(Annotated photo localization data)
--------------------

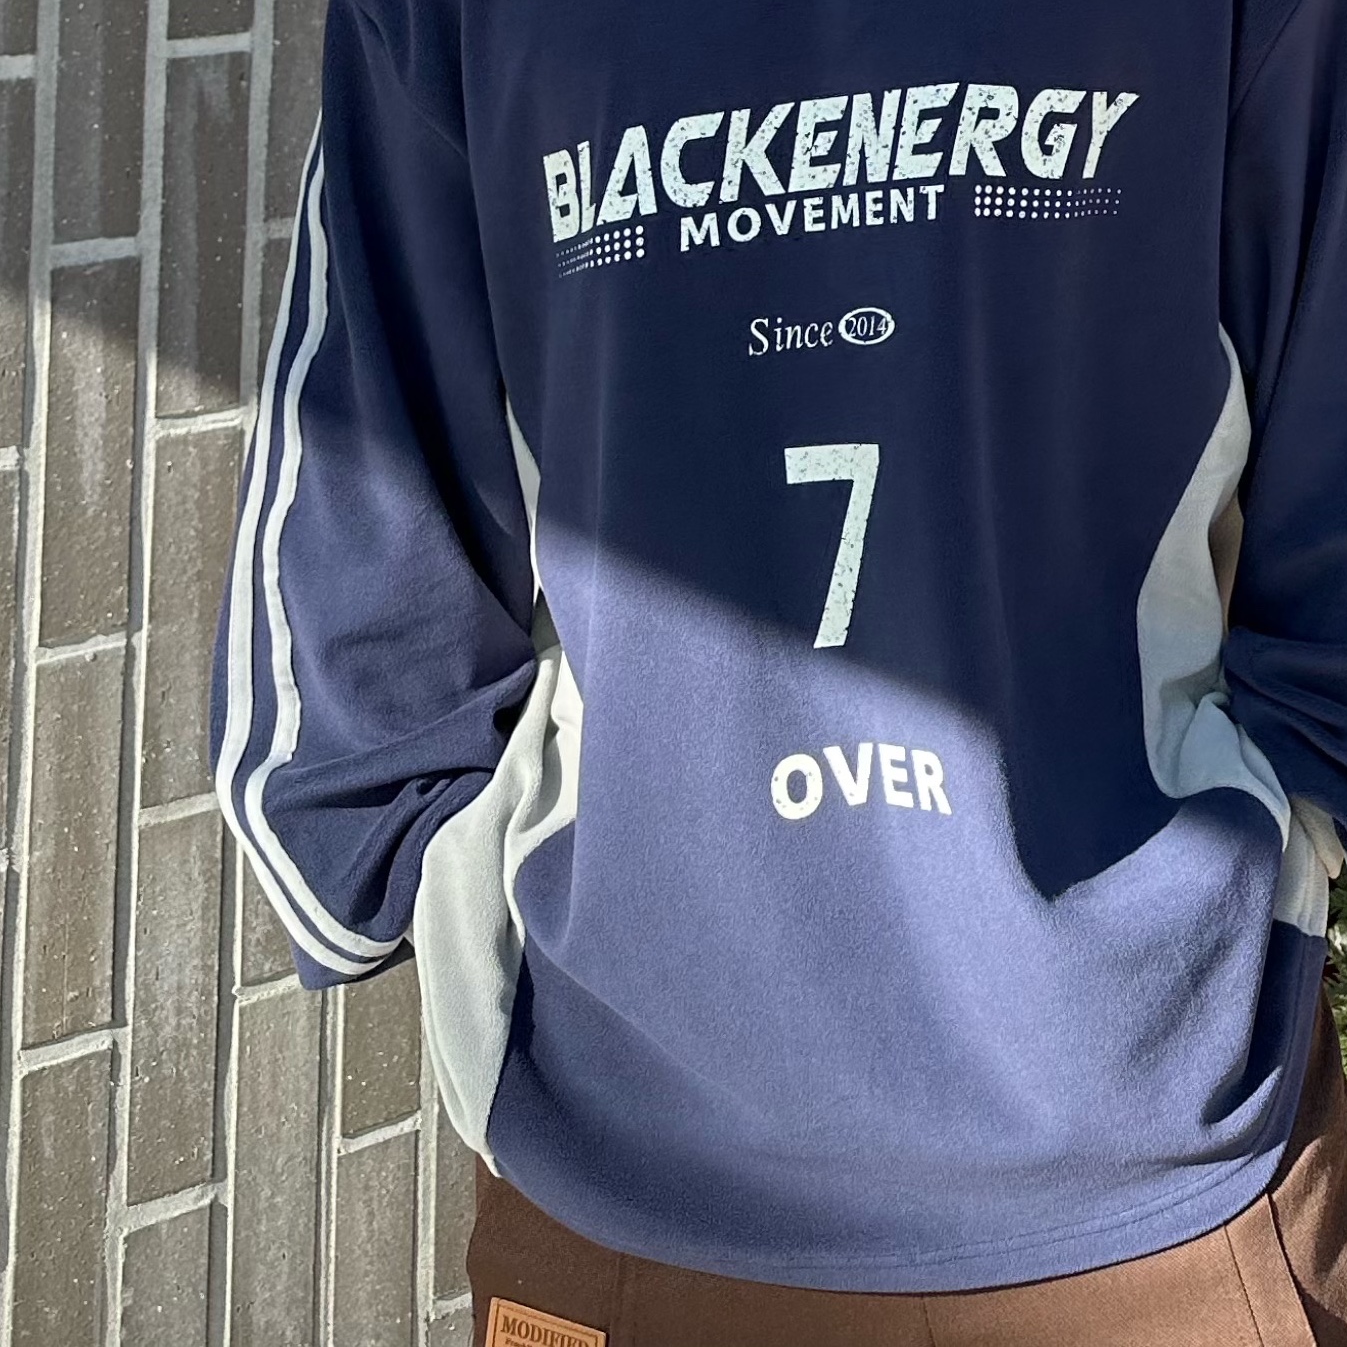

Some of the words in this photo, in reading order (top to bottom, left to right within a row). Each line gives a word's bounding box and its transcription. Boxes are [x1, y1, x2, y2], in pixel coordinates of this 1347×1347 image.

[543, 83, 1140, 243] BLACKENERGY
[681, 184, 945, 252] MOVEMENT
[748, 317, 833, 356] Since
[849, 315, 887, 338] 2014
[784, 443, 880, 649] 7
[771, 742, 952, 820] OVER
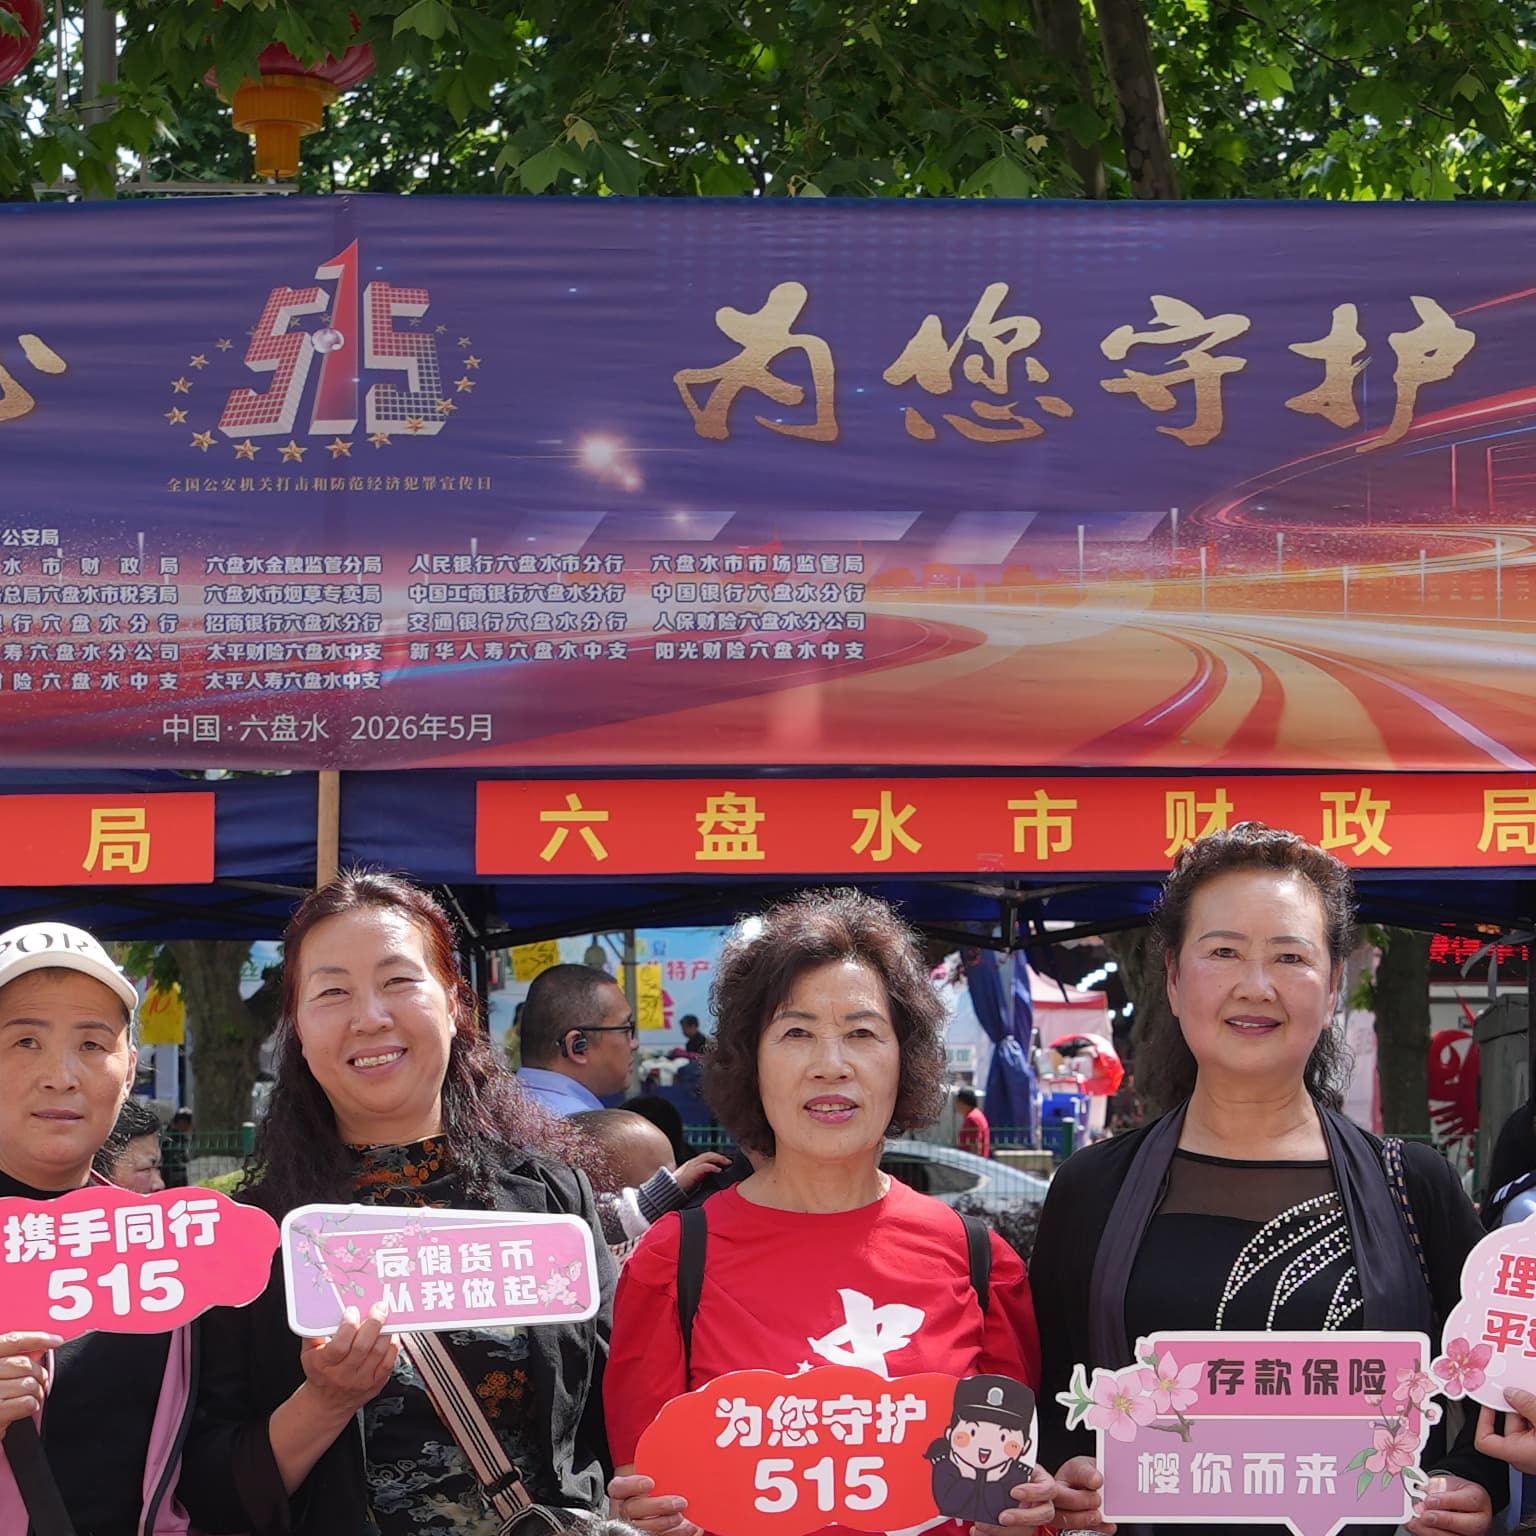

--------------------

Return the data exactly. Do not carry over any images.

- ANSWER TO THE PROBLEM -
Some of the words in this photo, in reading order (top to bottom, left to right within a row). Each line gives a word's bounding box and its transcription. Boxes are [x1, y1, x2, y2], in pixel coordinates of this 1347×1347 image.

[543, 83, 1140, 243] BLACKENERGY
[681, 184, 945, 252] MOVEMENT
[748, 317, 833, 356] Since
[849, 315, 887, 338] 2014
[784, 443, 880, 649] 7
[771, 742, 952, 820] OVER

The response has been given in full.